Stored data entries

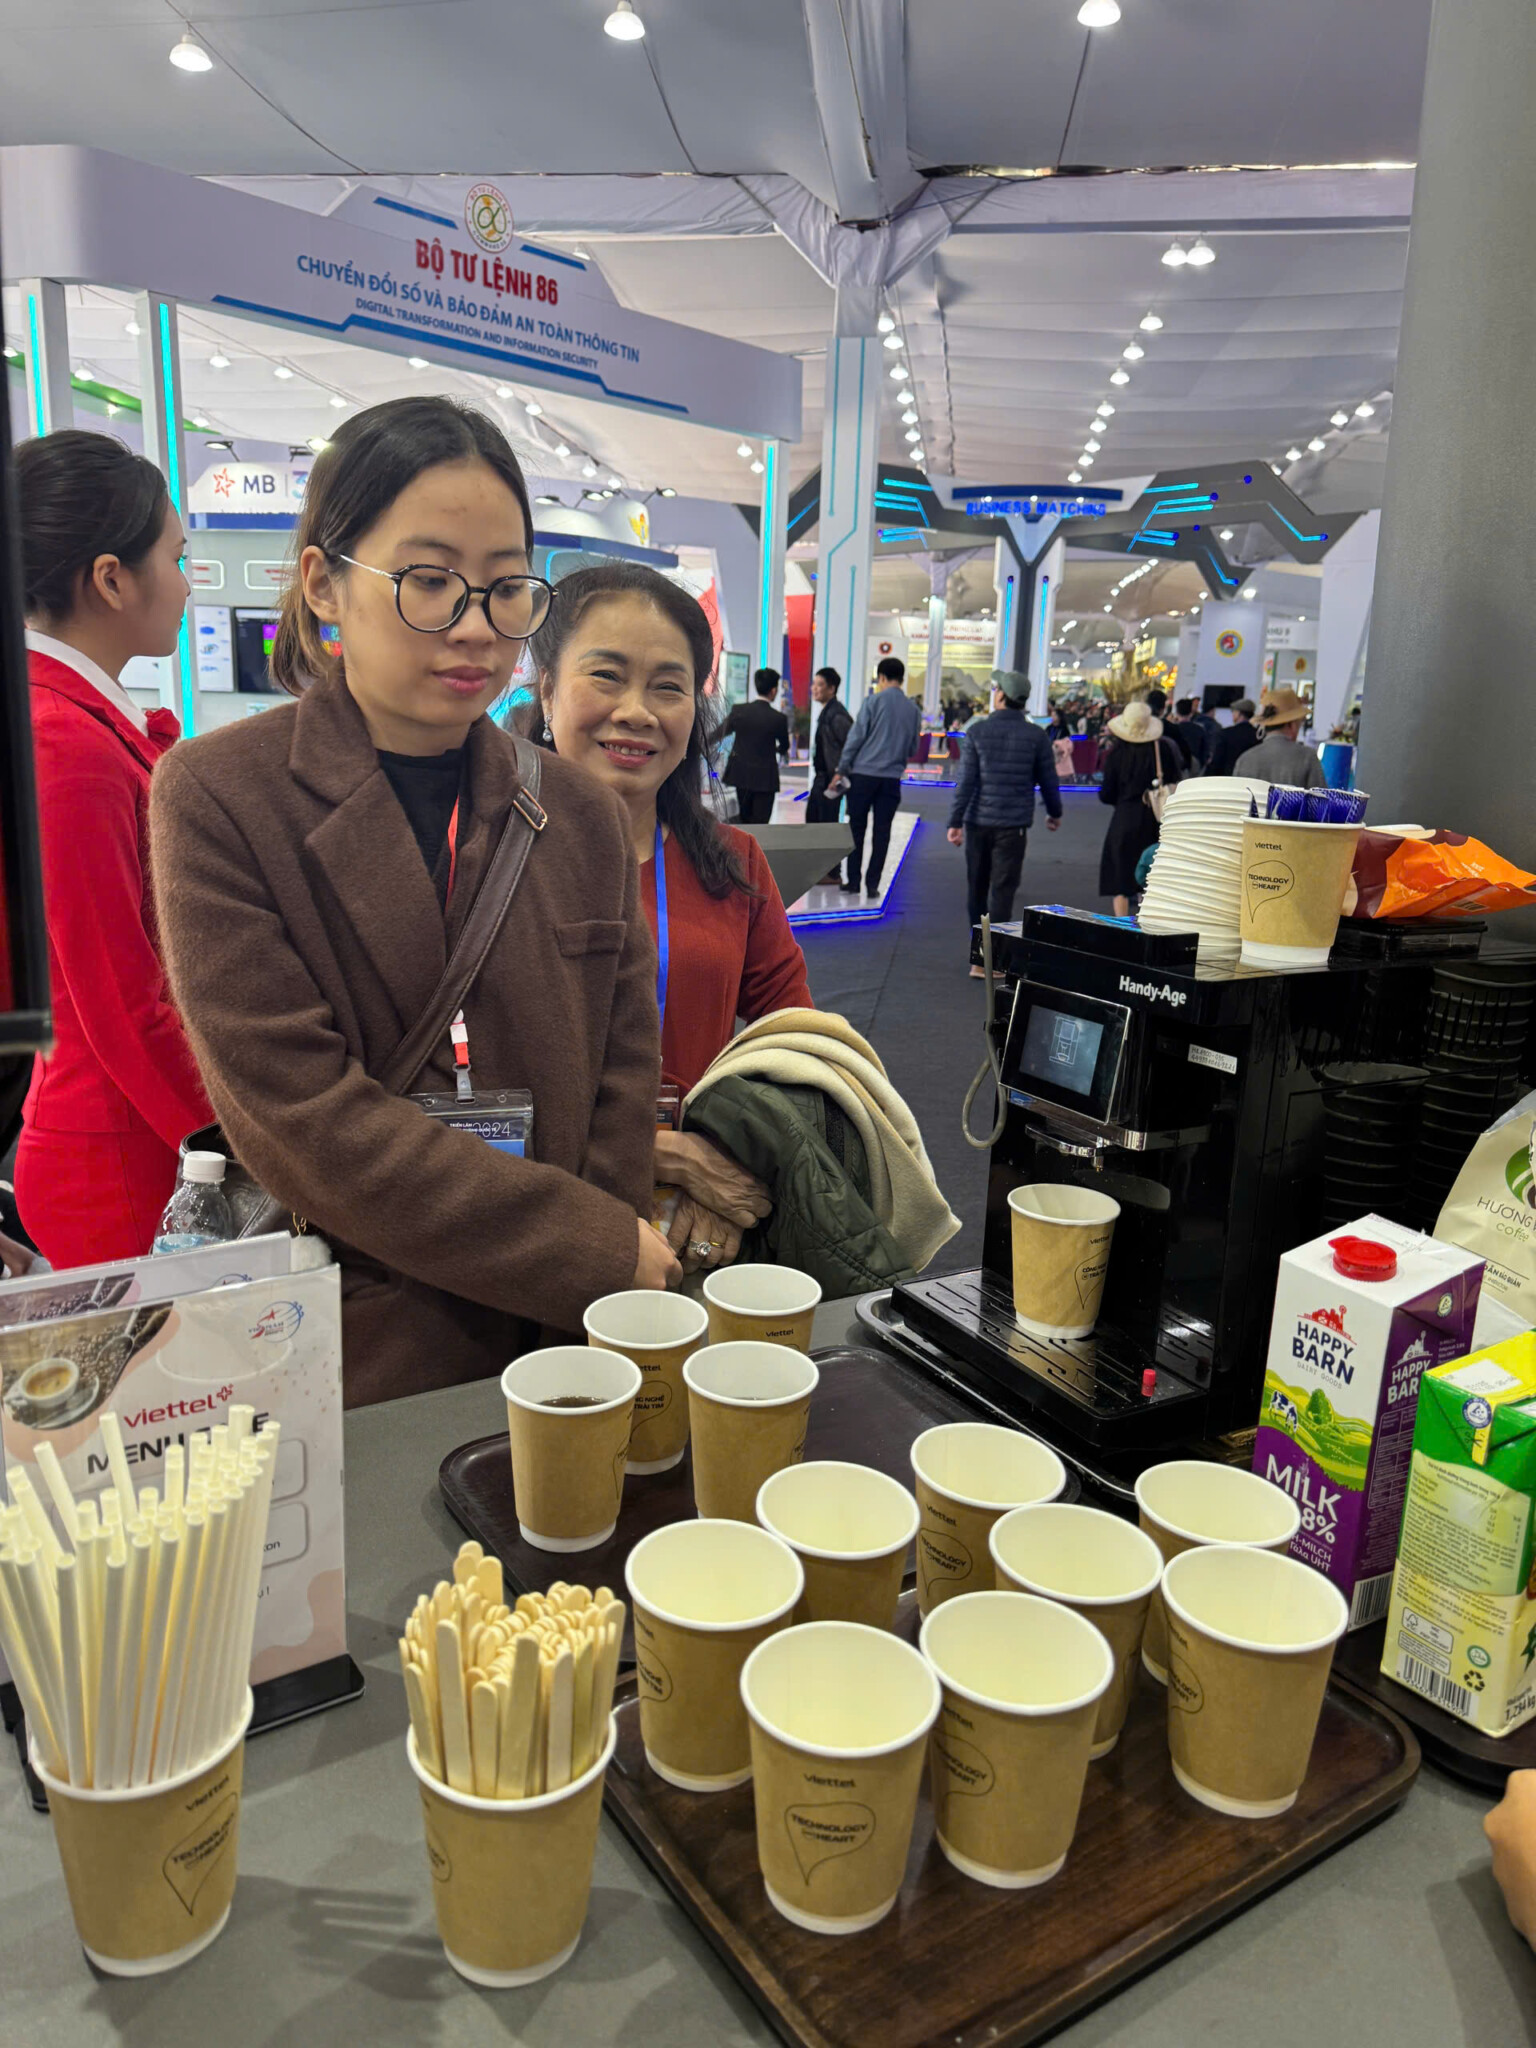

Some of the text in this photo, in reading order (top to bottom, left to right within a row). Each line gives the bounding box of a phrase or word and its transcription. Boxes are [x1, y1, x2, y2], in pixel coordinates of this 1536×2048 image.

[415, 237, 559, 306] BỘ TƯ LỆNH 86
[296, 255, 640, 363] CHUYỂN ĐỔI SỐ VÀ BẢO ĐẢM AN TOÀN THÔNG TIN
[356, 297, 599, 370] DIGITAL TRANSFORMATION AND INFORMATION SECURITY
[243, 474, 275, 494] MB
[966, 500, 1106, 517] BUSINESS MATCHING
[1254, 842, 1283, 851] viettel
[1248, 873, 1289, 885] TECHNOLOGY
[1258, 882, 1281, 891] HEART
[1119, 975, 1187, 1007] Handy-Age
[1476, 1196, 1533, 1228] HƯƠNG
[1496, 1221, 1530, 1243] coffee
[1297, 1320, 1354, 1360] HAPPY
[639, 1364, 661, 1372] ettel
[1292, 1336, 1355, 1385] BARN
[1391, 1359, 1431, 1385] HAPPY
[1297, 1361, 1343, 1389] DAIRY GOODS
[1387, 1376, 1419, 1405] BAR
[123, 1394, 217, 1428] viettel
[1265, 1453, 1342, 1523] MILK
[1301, 1507, 1336, 1544] 8%
[1291, 1534, 1332, 1563] H-MILCH
[1310, 1553, 1331, 1573] UHT
[803, 1773, 856, 1788] viettel
[791, 1813, 868, 1833] TECHNOLOGY
[815, 1833, 856, 1843] HEART

→ Exercise instructions: Return all the data above as written, leaving out only the pictures.

→ Your solution:
Some of the text in this photo, in reading order (top to bottom, left to right within a row). Each line gives the bounding box of a phrase or word and its transcription. Boxes are [x1, y1, x2, y2], in pixel coordinates of this 1536×2048 image.

[415, 237, 559, 306] BỘ TƯ LỆNH 86
[296, 255, 640, 363] CHUYỂN ĐỔI SỐ VÀ BẢO ĐẢM AN TOÀN THÔNG TIN
[356, 297, 599, 370] DIGITAL TRANSFORMATION AND INFORMATION SECURITY
[243, 474, 275, 494] MB
[966, 500, 1106, 517] BUSINESS MATCHING
[1254, 842, 1283, 851] viettel
[1248, 873, 1289, 885] TECHNOLOGY
[1258, 882, 1281, 891] HEART
[1119, 975, 1187, 1007] Handy-Age
[1476, 1196, 1533, 1228] HƯƠNG
[1496, 1221, 1530, 1243] coffee
[1297, 1320, 1354, 1360] HAPPY
[639, 1364, 661, 1372] ettel
[1292, 1336, 1355, 1385] BARN
[1391, 1359, 1431, 1385] HAPPY
[1297, 1361, 1343, 1389] DAIRY GOODS
[1387, 1376, 1419, 1405] BAR
[123, 1394, 217, 1428] viettel
[1265, 1453, 1342, 1523] MILK
[1301, 1507, 1336, 1544] 8%
[1291, 1534, 1332, 1563] H-MILCH
[1310, 1553, 1331, 1573] UHT
[803, 1773, 856, 1788] viettel
[791, 1813, 868, 1833] TECHNOLOGY
[815, 1833, 856, 1843] HEART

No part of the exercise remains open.